PASE

Prosopography of Anglo-Saxon England

[Image: Witness list of a royal diploma, S 497 (extract); Aelfwine]

Location:

Charters

Introduction

In 2001 the PASE database was adapted to allow the handling of information in Anglo-Saxon charters, especially the ordering of witness lists and the inclusion of details of transactions. One of the most significant prosopographical developments made by the project has been the development of ‘Event’ (the record of contact between individuals), and the charter attestations form the most significant body of evidence concerning meetings to survive from the period. Hafed Walda and John Bradley together designed ‘Event’ so that it could handle ordered lists and, for transactions, details of property which allow users to trace the ownership of estates – or similar estates – over time.

Entering Anglo-Saxon charters

William Searle’s Onomasticon of 1897 aimed to provide a ‘fairly complete list of Anglo-Saxon names and of the men and women who bore those names’. As such it is an extraordinary achievement, which extends to about 25,000 items harvested from sources written between the times of Bede and of King John. Searle, however, drew the line at minor charter witnesses most of whose identities became so speculative and obscure that they were largely excluded for the century before the Conquest. PASE has not been so timid. In the pursuit of a complete list of recorded Anglo-Saxons, all charter witnesses were added to the original database, and during PASE 2, a linked, but distinct, database has been made for the very much larger number of individuals recorded in Domesday Book and related materials.

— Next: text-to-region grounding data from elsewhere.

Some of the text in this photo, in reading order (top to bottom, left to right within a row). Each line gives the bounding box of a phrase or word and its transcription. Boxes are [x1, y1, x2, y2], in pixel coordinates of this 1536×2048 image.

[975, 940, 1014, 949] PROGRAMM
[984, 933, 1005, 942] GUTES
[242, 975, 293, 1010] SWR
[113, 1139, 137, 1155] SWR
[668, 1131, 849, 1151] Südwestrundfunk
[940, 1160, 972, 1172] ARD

Speculative identifications have been made for many of minor thegns. The backbone of this endeavour was Simon Keynes’ Atlas of Charter Attestations, which visibly traces the prospective courtly attendance of witnesses across time and charters. By and large his identifications have been adhered to and anyone seeking clarification on the plausibility of any association should consult his work. The identification of any witness in two or more charters is necessarily speculative, and opinions are here expressed with provisos, such as that one person in PASE may have represented several people in reality. A similar procedure has been followed in PASE 2.

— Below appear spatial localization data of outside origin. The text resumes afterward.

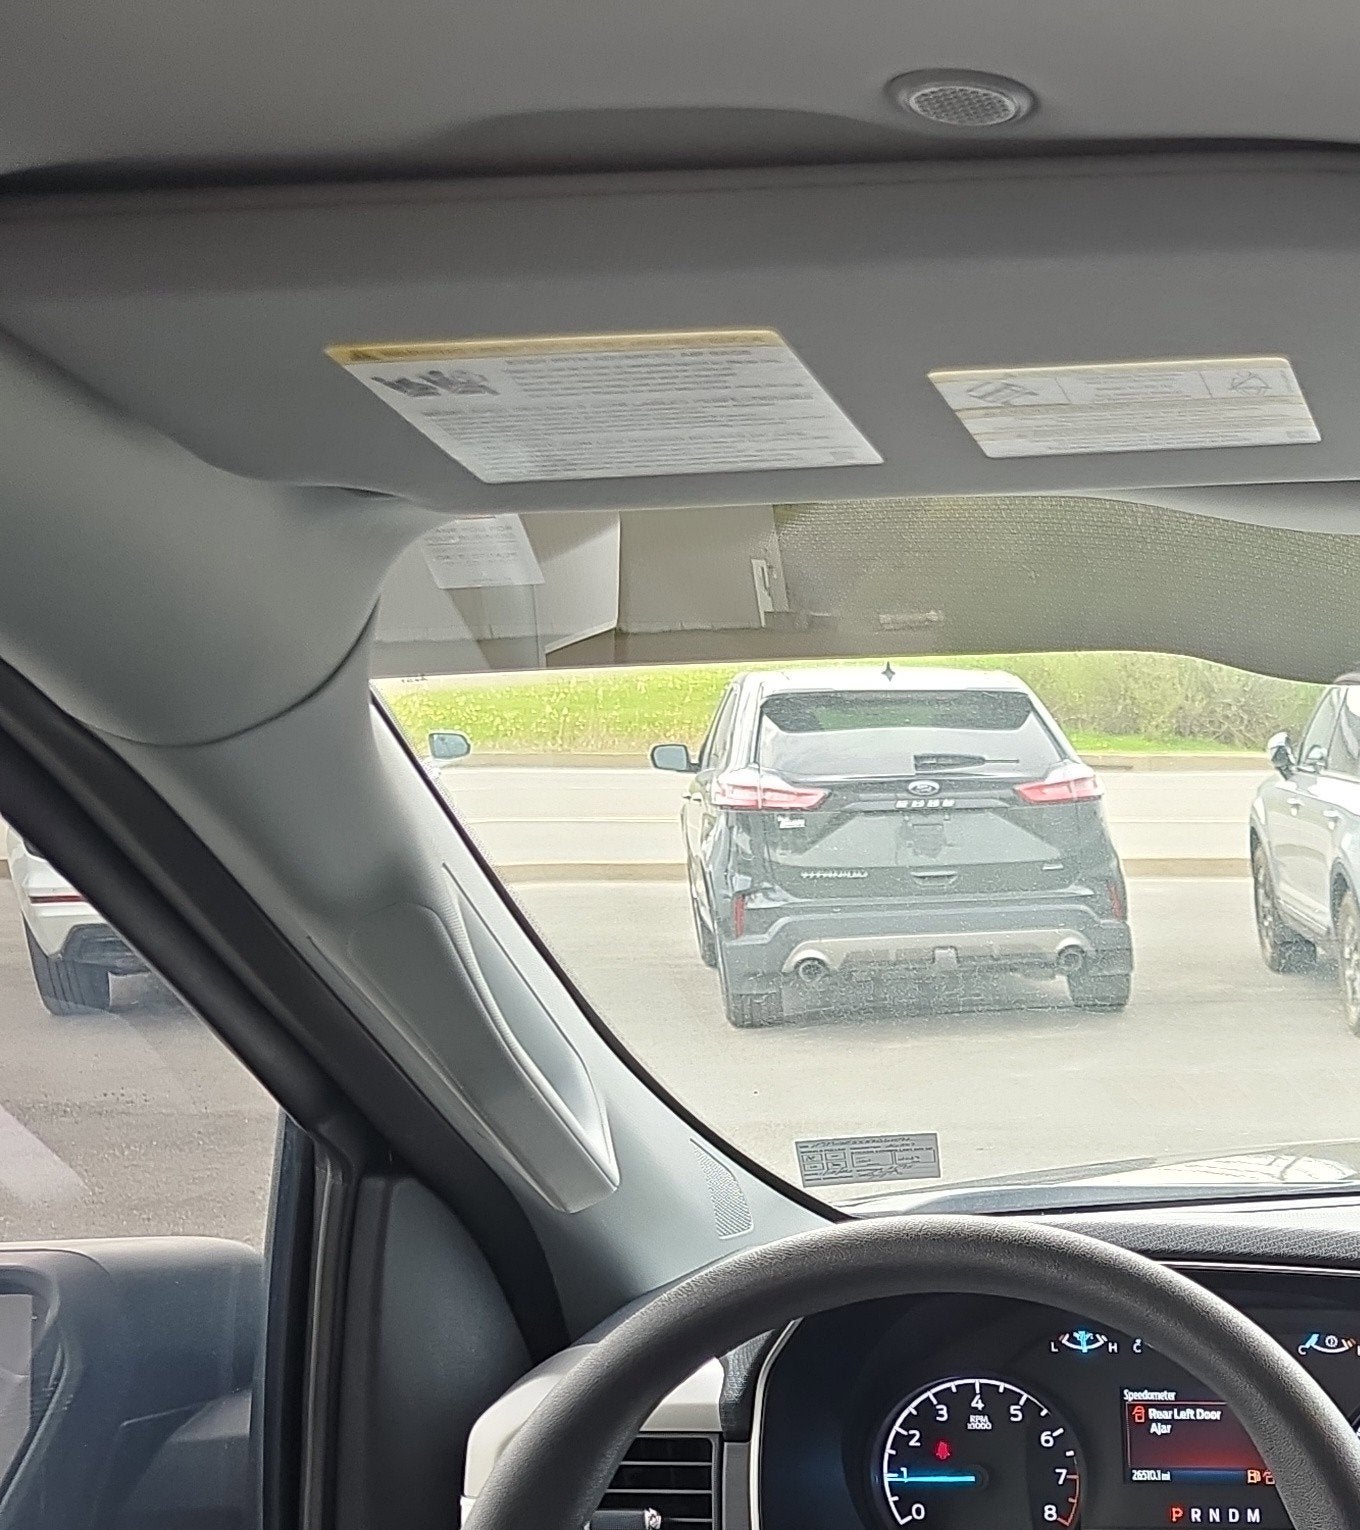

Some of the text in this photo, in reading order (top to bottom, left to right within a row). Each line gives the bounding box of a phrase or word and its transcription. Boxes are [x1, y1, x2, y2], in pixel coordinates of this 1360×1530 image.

[1108, 1342, 1118, 1353] H
[971, 1394, 985, 1410] 4
[1123, 1389, 1176, 1402] Speedometer
[936, 1405, 948, 1421] 3
[969, 1415, 989, 1423] RPM
[1009, 1405, 1023, 1422] 5
[1148, 1408, 1222, 1420] Rear Left Door
[1150, 1423, 1172, 1436] Ajar
[908, 1430, 921, 1446] 2
[1040, 1431, 1055, 1447] 6
[1055, 1468, 1068, 1485] 7
[911, 1503, 925, 1520] 0
[1043, 1504, 1058, 1521] 8
[1171, 1507, 1261, 1522] P R N D M

Such problems underline the utility of online publication: faults can be easily brought to light and rectified.

Editions used

Where possible the latest British Academy editions have been used for data-entry, and where not, Birch, Kemble, or other sources have been used. Each charter is assigned a table which displays the source of the text used by the researcher.

Omissions

It has been necessary to exclude some charters from this phase of the data-entry due to time-pressures and the limitations of current historical research. The AHRC-funded Language of Anglo-Saxon Landscape (LangScape), directed by Joy Jenkyns, which was published online in a preliminary version in 2008, contains prosopographical data, and a link to PASE is planned. It is hoped that data from Sawyer’s list of ‘Lost and Incomplete Texts’ (S nos. 1603−1875) currently being worked on by Rebecca Rushforth will be added to PASE in due course.